Work item
Exact copies of all the lines below are needed, without the pictures.

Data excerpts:
┌──

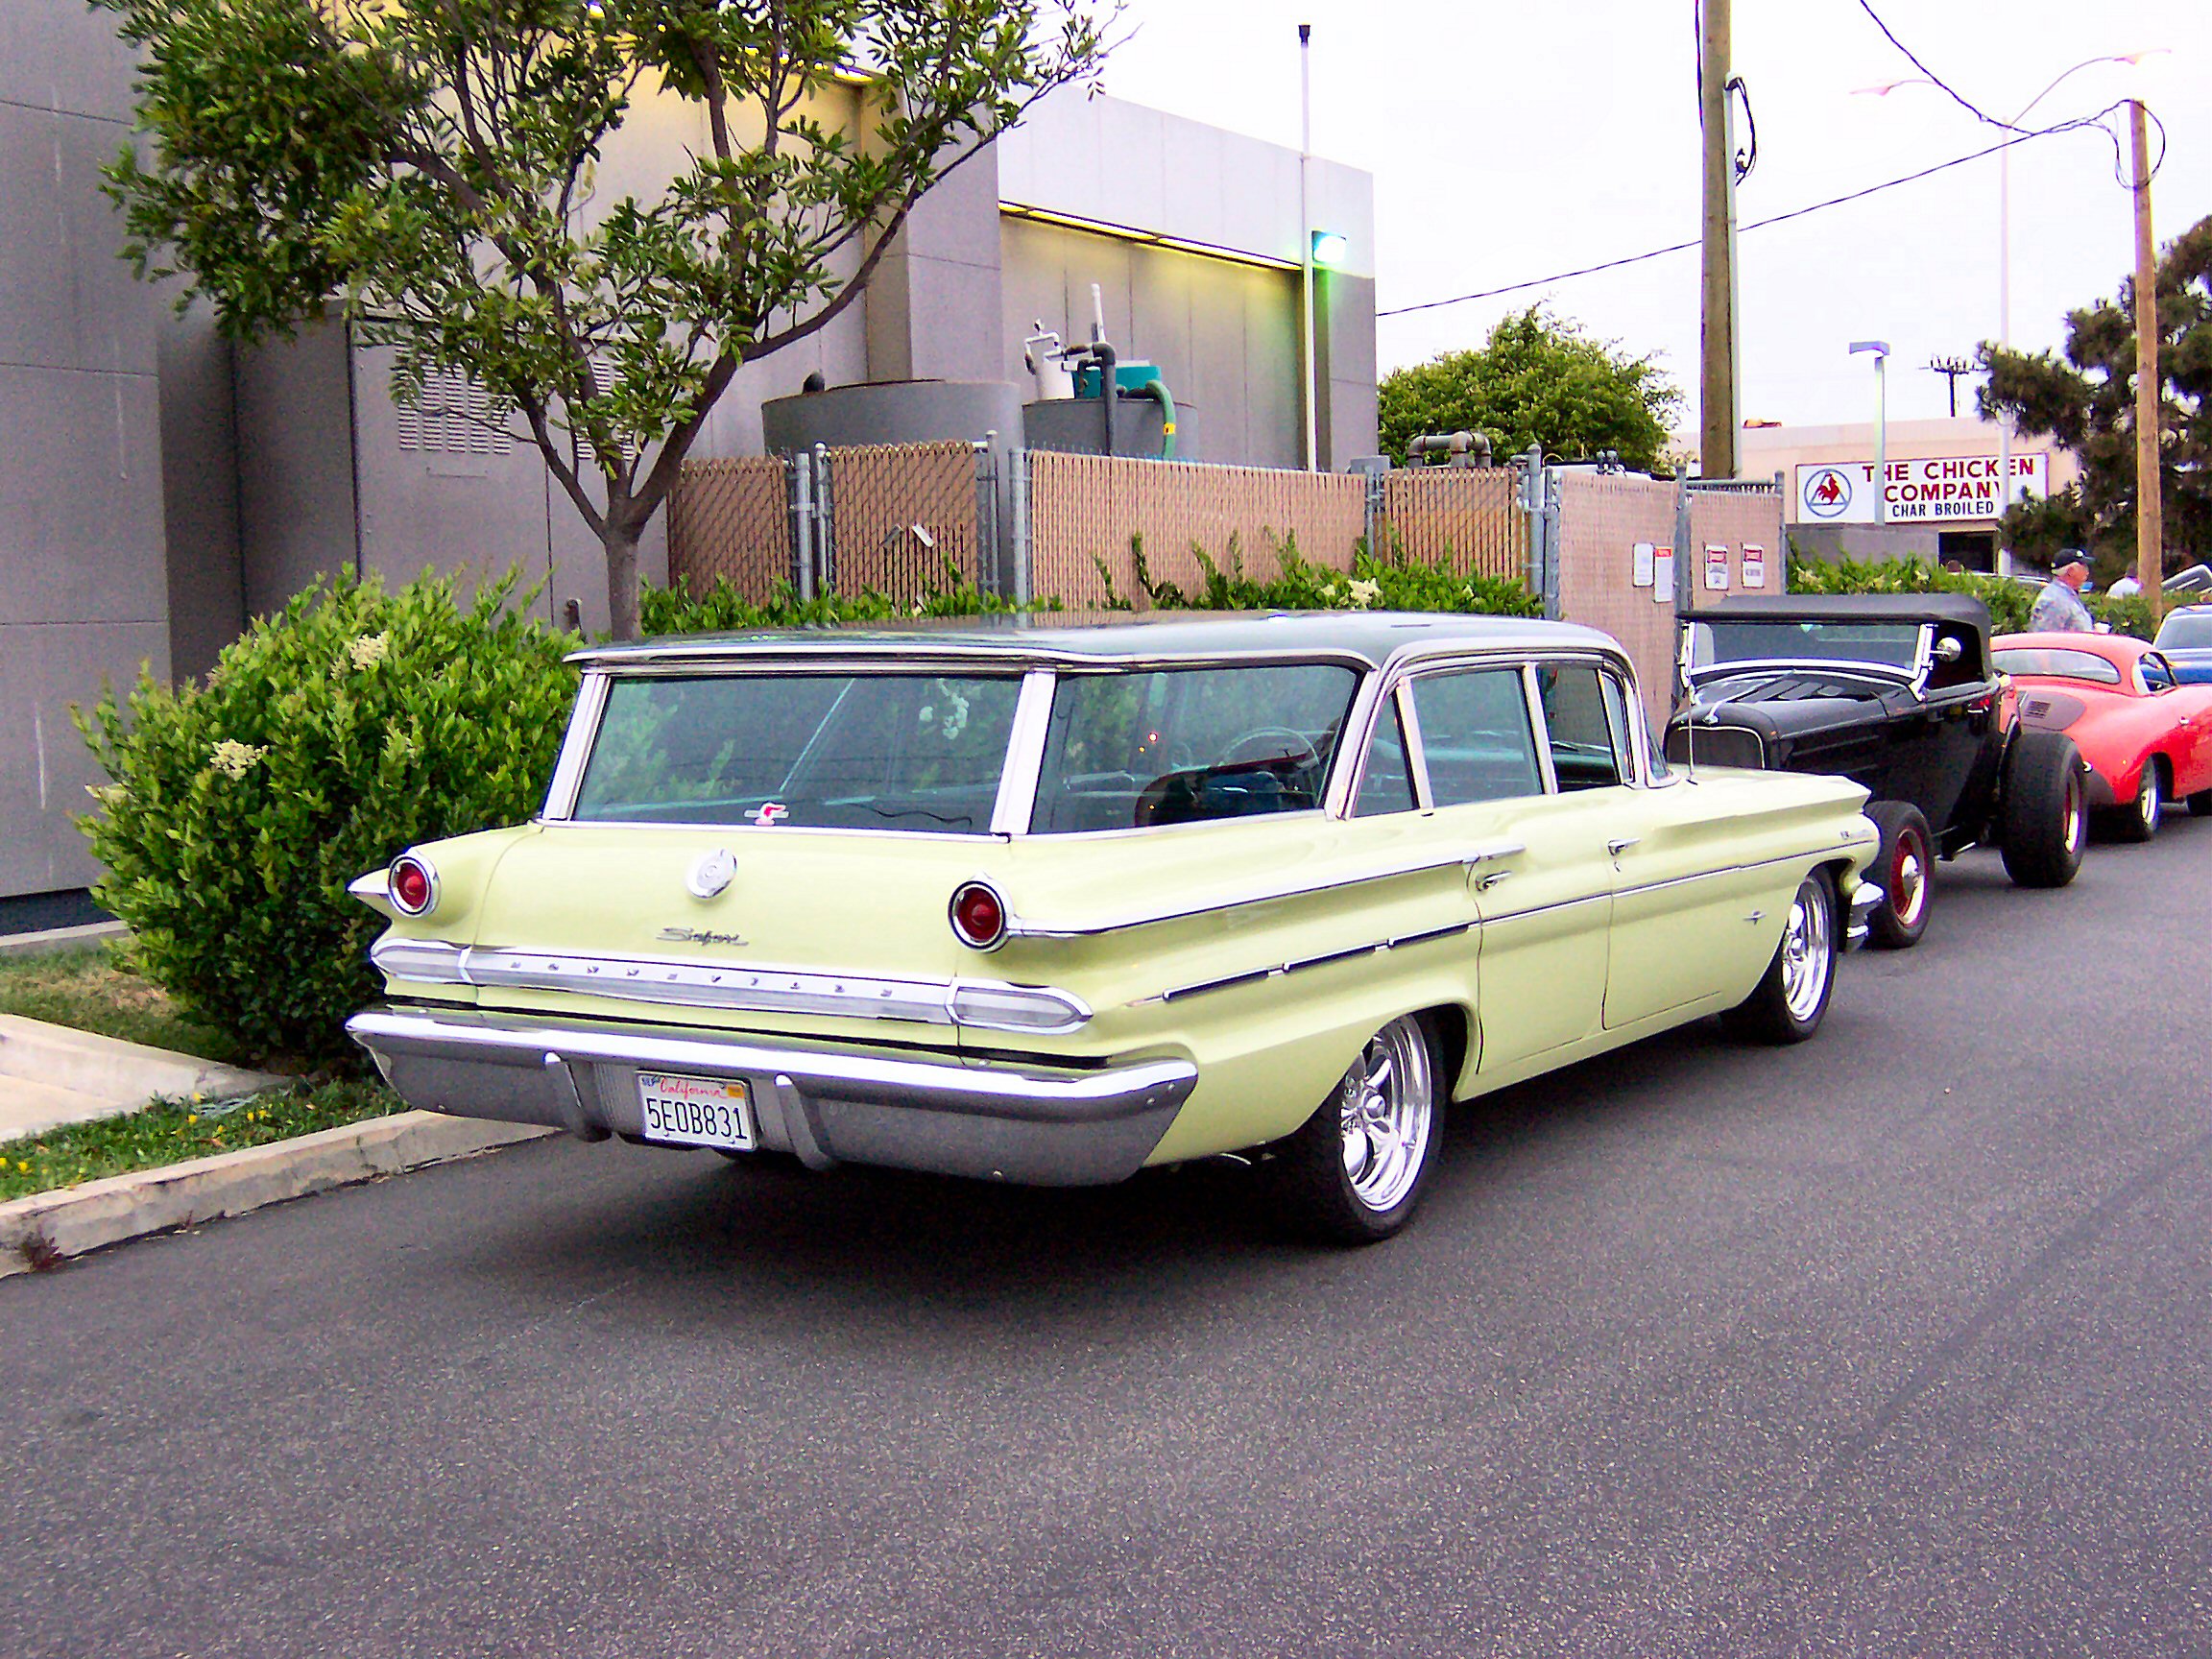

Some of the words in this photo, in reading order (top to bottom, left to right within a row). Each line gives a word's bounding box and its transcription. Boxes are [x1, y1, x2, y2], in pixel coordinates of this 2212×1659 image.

[1862, 463, 1910, 483] THE
[1892, 504, 1926, 517] CHAR
[1935, 500, 1994, 516] BROILED
[660, 1076, 727, 1100] California

└──

Finished exercise
Some of the words in this photo, in reading order (top to bottom, left to right within a row). Each line gives a word's bounding box and its transcription. Boxes are [x1, y1, x2, y2], in pixel coordinates of this 2212×1659 image.

[1862, 463, 1910, 483] THE
[1892, 504, 1926, 517] CHAR
[1935, 500, 1994, 516] BROILED
[660, 1076, 727, 1100] California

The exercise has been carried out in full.